The much-hyped e-counselling for admission into the state’s engineering colleges started on Monday amid confusion among candidates on how to register online and select preferred courses in desired institutions.
Many students complained of lack of clarity in the instructions on the websites of the JEE boards — www.wbjeeb.nic.in and www.wbjeeb.nic.in. They also alleged “harassment” at the branches of United Bank of India where they had to deposit Rs 500 to register for counselling.
Kumar Deb Banerjee, the member-secretary of the board, however, said they had not received any complaint. “We have a toll-free number (1800 345 0050). The students should call us immediately at that number if they face any difficulty. We have not yet received any such call.”
The students can register themselves for the counselling for around 32,000 seats in 100-odd government and private colleges till June 25. Close to 11,000 candidates — of the around 110,000 whose names figure on the merit list — registered on Day 1.
“After logging in at 11am, when the system was activated, we had to fill in a lengthy form. It took me a long time to fill in the form because of lack of clear instructions,” said an applicant.
There were also complaints of the sites or relevant pages remaining inaccessible for hours. “The page was not opening despite repeated attempts. Sometimes the line snapped halfway through the process of filling in the form, forcing us to enter the details repeatedly,” said another student.
Many students claimed that the new system, introduced this year in an attempt to make the counselling hassle-free, has actually complicated the process as after filling in the form they had to visit the local UBI branch to deposit the registration fee.

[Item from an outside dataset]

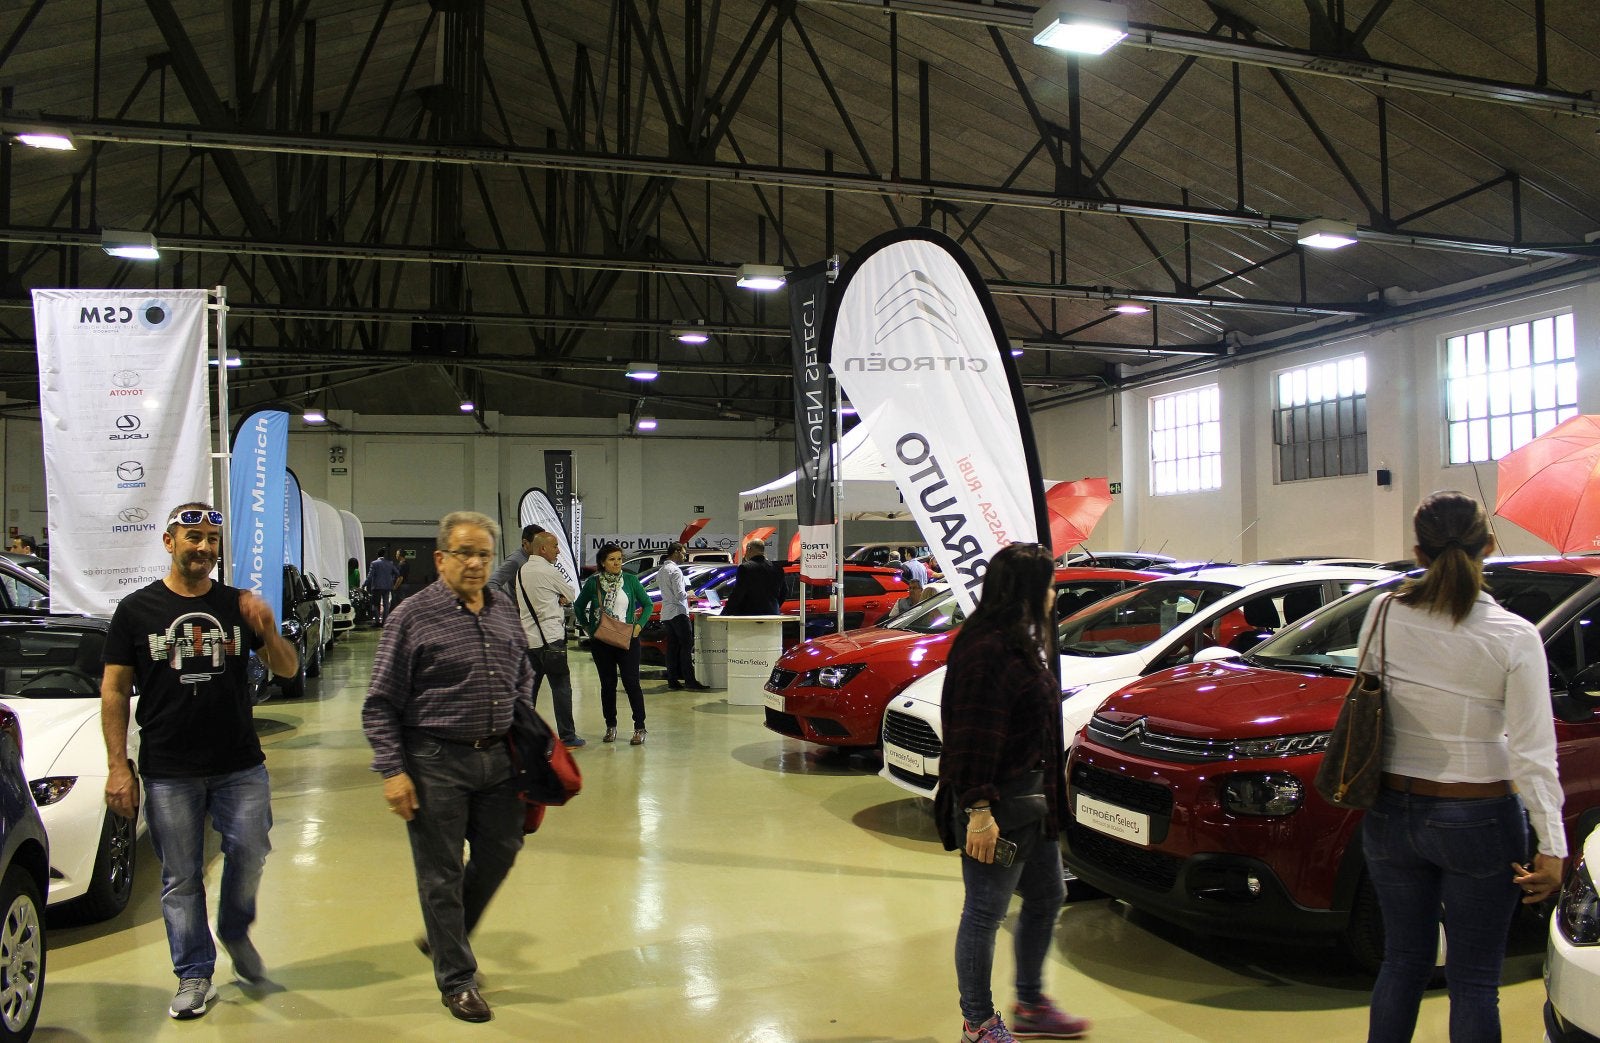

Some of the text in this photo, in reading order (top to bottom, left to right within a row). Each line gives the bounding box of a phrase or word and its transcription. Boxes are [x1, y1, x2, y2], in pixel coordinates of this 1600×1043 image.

[250, 418, 268, 596] Motor Munich
[638, 538, 690, 550] Muni
[1116, 815, 1139, 833] select

“Why hasn’t the board introduced e-payment?” wondered a student. Banerjee ruled out e-payment as not all students have debit or credit cards.
Students found submitting their preferences cumbersome as they had to choose from a list containing all the institutions. “It would have helped us had the sites displayed select colleges corresponding to the rank. In that case we could have made a more informed choice,” said a student.
Explaining the problem, a student whose rank is close to 29,000 said: “I found the names of institutions such as Jadavpur University and Bengal Engineering and Science University appear against my name though I am certain I could never make it to either with my score.”
A board member, however, explained the logic for giving the full list. “Rank is relevant not just for selecting an institution, but also choosing a course. A student not entitled to study computer science at, say, Besu may well be allowed admission to some other courses at the institution. So there is no question of making a shortlist of colleges for each student,” the member said.
Many students alleged that the bank authorities had kept them waiting for several hours. The staff at some branches initially refused to acknowledge that the registration fee for the counselling could be deposited there.
A student who had gone to a UBI branch in Howrah said: “The bank staff initially pleaded ignorance about the facility being available there. It took them more than two hours to find out that the fee could be deposited at the branch,” said a student.
A UBI spokesperson, when contacted, refused to comment without a probe.